Joint Threshold Learning Convolutional Networks for Intelligent Fault Diagnosis Under Nonstationary Conditions
Sheng Li, Yadong Xu, Ke Feng, Yulin Wang, Beibei Sun, Xiaoan Yan, Xin Sheng, Ke Zhang, Jinde Zheng, Qing Ni
Abstract
Rotating machines are essential components in manufacturing, power generation, transportation, and aerospace industries. Nevertheless, most existing diagnosis methodologies are developed based on the assumption that machinery operates under stable conditions, which may limit their ability to uncover sufficient discriminative features when confronted with high noise levels.

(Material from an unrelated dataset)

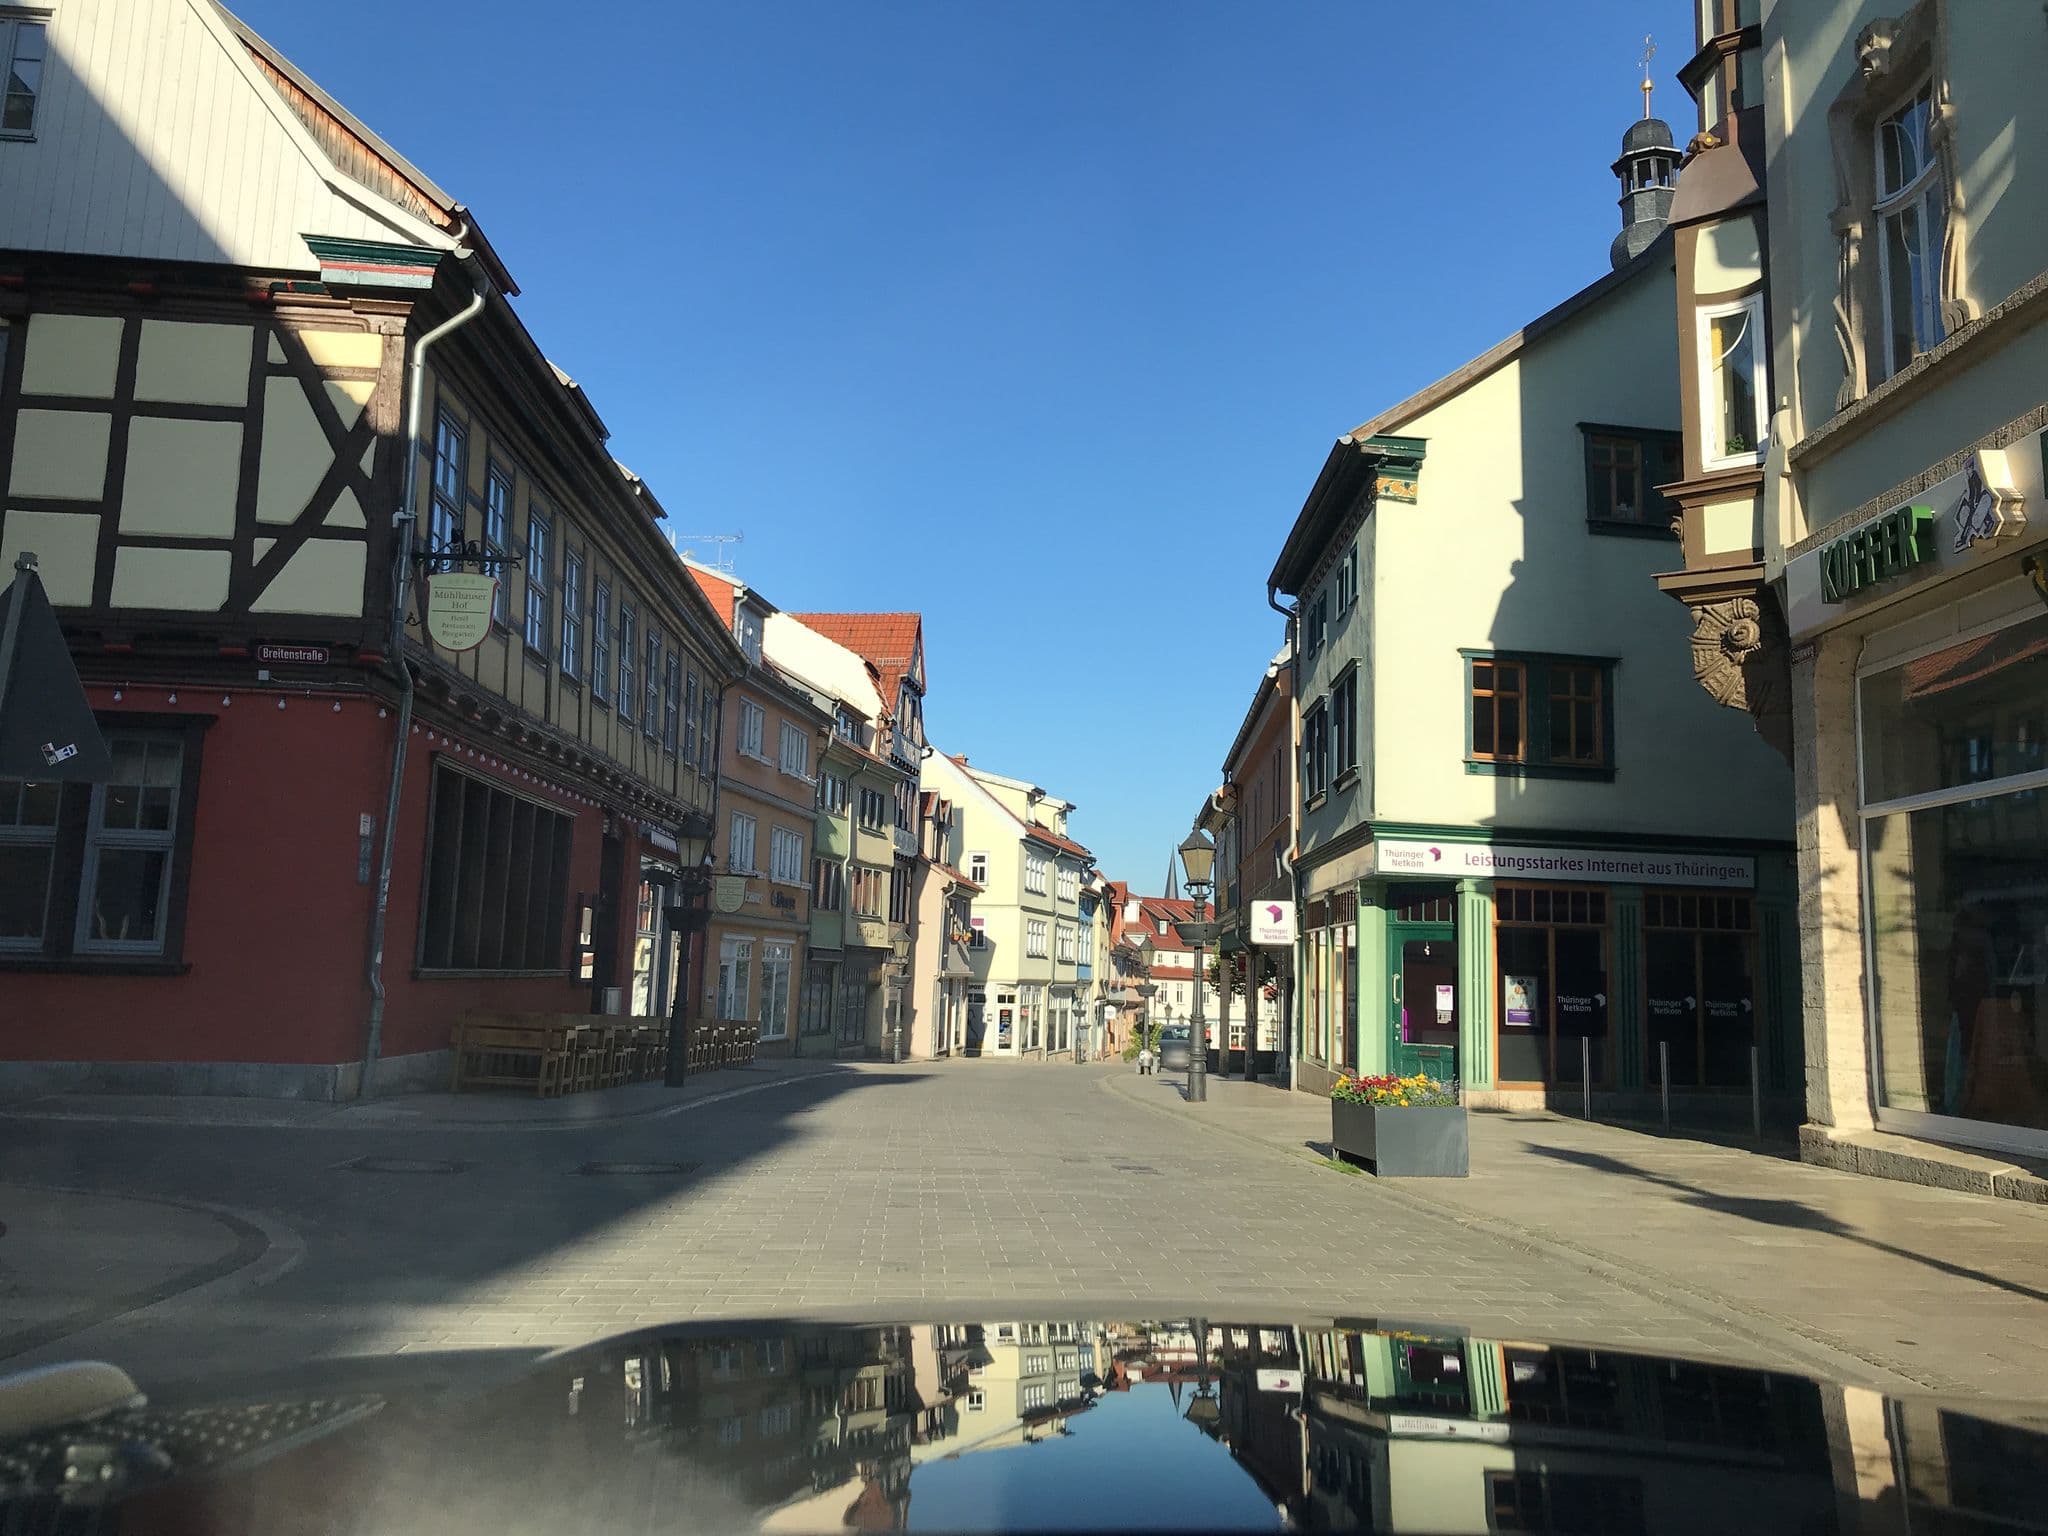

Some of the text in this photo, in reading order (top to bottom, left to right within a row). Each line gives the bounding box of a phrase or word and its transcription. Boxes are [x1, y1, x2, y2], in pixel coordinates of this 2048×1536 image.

To tackle this issue, this paper proposes a joint threshold learning convolutional network (JT-LCN) for rotating machinery diagnosis under non-stationary conditions. The major contributions of this research work can be summarized and highlighted as follows: 1) proposing a novel plug-and-play Joint-Thresholding Module (JTM) that utilizes both Soft and Hard Threshold Mechanisms for intelligent signal denoising; 2) constructing an end-to-end network architecture, termed JT-LCN, that achieves a lightweight design through the use of depth-wise separable convolution and effectively purifies and identifies discriminative fault-related information by progressively employing the Joint-Thresholding Module (JTM); and 3) introducing a dynamic self-knowledge distillation approach (DDLB) to enhance the generalization ability of the proposed network while minimizing computational costs and run-time memory requirements. Comprehensive experimental results conclusively demonstrate that the developed JT-LCN outperforms competition state-of-the-art approaches.